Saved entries
= = = = =

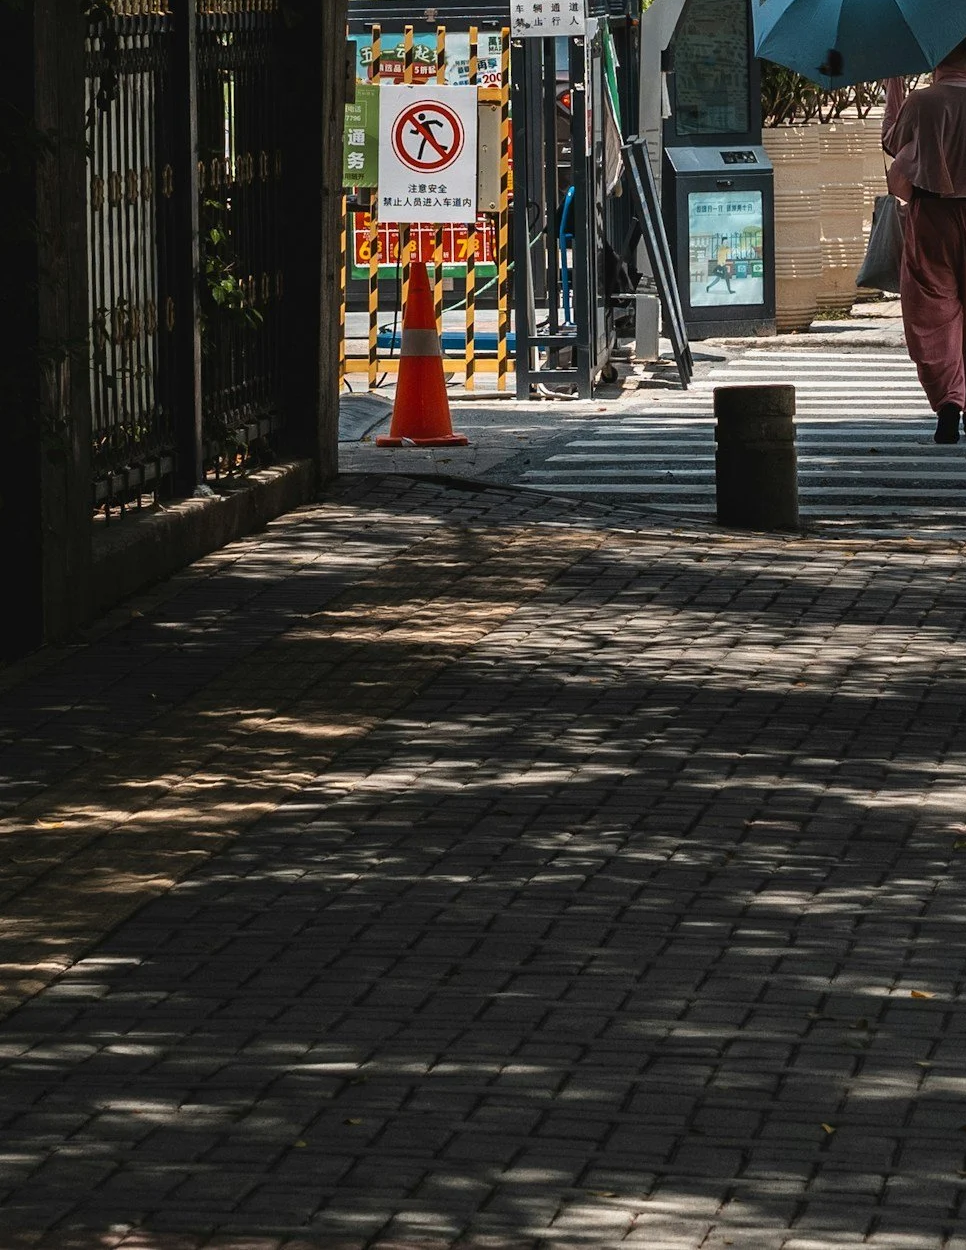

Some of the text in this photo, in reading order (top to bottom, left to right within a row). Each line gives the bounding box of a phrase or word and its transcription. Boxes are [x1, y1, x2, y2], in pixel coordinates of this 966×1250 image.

[515, 2, 579, 13] 车辆通道
[514, 15, 579, 28] 禁止行人
[408, 184, 448, 194] 注意安全
[383, 197, 472, 207] 禁止人员进入车道内

= = = = =

== REQUIRED WORK ==
Every line of the data above is to be set down exactly; the pictures are not.

== SOLUTION TO THIS PROBLEM ==
Some of the text in this photo, in reading order (top to bottom, left to right within a row). Each line gives the bounding box of a phrase or word and its transcription. Boxes are [x1, y1, x2, y2], in pixel coordinates of this 966×1250 image.

[515, 2, 579, 13] 车辆通道
[514, 15, 579, 28] 禁止行人
[408, 184, 448, 194] 注意安全
[383, 197, 472, 207] 禁止人员进入车道内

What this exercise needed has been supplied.